# problems with fluorocarbon line



## mtwillard (Jan 15, 2010)

i am using 12 lb test and when i go to set the hook i am snapping the line. It is driving me nuts and don't know what to do?


----------



## Natehazen24 (Mar 25, 2006)

What type of knot are you using?


Outdoor Hub mobile, the outdoor information engine


----------



## herschle1 (May 12, 2011)

Mtwillard,

As Natehazen alluded to, it's likely your knot. Fluorocarbon is just brittle enough to cut through itself if tied improperly. Most suggest a palomar knot. I have had few knot fails with the palomar.


----------



## GuppyII (Sep 14, 2008)

Also be sure to wet the knot well before tightening down. Another thing, not all fluorocarbons are equal! Are you using a braid or mono main line? That can make a difference too with a he-man hookset.


----------



## mtwillard (Jan 15, 2010)

100 percent floro with a palomar knot


----------



## Ranger Ray (Mar 2, 2003)

Double Uni


----------



## mtwillard (Jan 15, 2010)

i will try that knot, it was kind of hard to tie the fist time but i might just go up to 15 or 17 pound test


----------



## ManxFishing (Apr 7, 2008)

What type of Fluro?

I've had some really bad fluro that you could pull apart with your hands
These days is Seagurs only and I've yet to break off.


----------



## Lumberman (Sep 27, 2010)

Yeah it's not unheard of to get a bad spool of flouro. I bought a spool of vanish a few years ago before a bfl and it cost me at least $1000. Broke of 3 4lb+ smallies. For whatever reason the line had no tensile strength. If you pulled it slow and steady it was fine but any small jerk and it would snap. 

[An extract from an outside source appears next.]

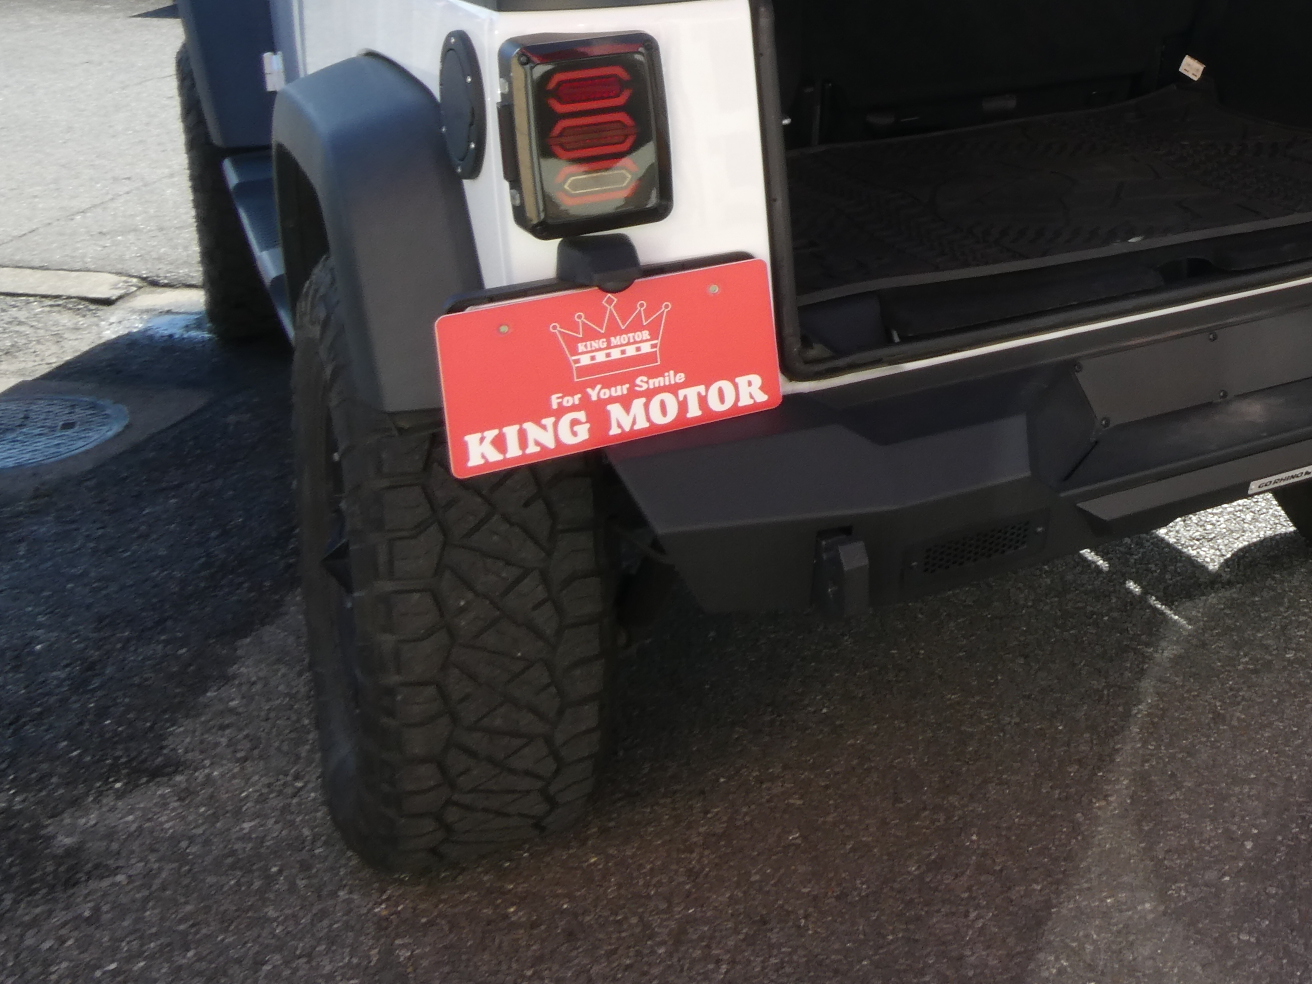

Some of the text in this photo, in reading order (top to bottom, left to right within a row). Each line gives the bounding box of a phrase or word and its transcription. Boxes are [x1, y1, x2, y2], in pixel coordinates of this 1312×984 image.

[577, 330, 651, 353] KING MOTOR
[550, 370, 686, 410] For Your Smile
[464, 373, 769, 468] KING MOTOR
[1258, 471, 1304, 489] GO RHINO

Now I always check before I spool it.


----------



## mtwillard (Jan 15, 2010)

had it do it both with bass pro xps and vicious pro elite today


----------



## steelton (Jan 29, 2012)

I fished seagar all winter from steelies in 9 deg weather some days. I was using 6 and 8lb and tying improved clinch knots and wetting them no problems at all I also landed a 13.5 lber on a similar setup. Wonder it if might be an age thing of the line. I know when I get up there in the cast department with my spin rig it doesn't matter if its a week old or 3 months when I hit that magic number of casts blamo line goes the junk. Old line could be more brittle or weak. Also what does the break look like that could tell you a whole lot.


----------



## mtwillard (Jan 15, 2010)

First cast of the day line snapped when i set the hook and 7 casts later i caught him and got my hook back. the line has a clean break when it comes back, that hook still had the knot on it and was broke a quarter of an inch above the knot.


----------



## RippinLipp (Sep 12, 2008)

I know a few people including me that have had line breakage with floro.... I myself will use floro once in a while as a leader but not that often... Straight mono or braid, mono for me.. a buddy of mine still to this day after line breakage after line breakage still can't get off the floro and he's always complaining about it...

Outdoor Hub mobile, the outdoor information engine


----------



## mtwillard (Jan 15, 2010)

i was thinking about braid but had troubles with it digging into the reel. maybe i will try mono who knows?


----------



## live2bowhunt (Dec 22, 2004)

How stout of a rod are you using??


----------



## mtwillard (Jan 15, 2010)

one is a medium abu garcia vengence and the other is a heavy medium abu garcia veritas


----------



## live2bowhunt (Dec 22, 2004)

Which one are you having more break-offs on? If I had to guess, it has to do more with your rod than the knot. I would be using heavier line on the more stout rod. Probably no less than 14lb.


----------



## mtwillard (Jan 15, 2010)

broke two spro frogs off on the medium but i mostly use the other rod, i fish a lot with a texas rigs


----------



## Perchlips (Sep 8, 2011)

Maybe the weight sliding is weakening the line on the texas rig.


----------



## mtwillard (Jan 15, 2010)

i thought about that and am going to go to tungsten but it doesn't explain the frog especially when i had just tied it on but then again who knows


----------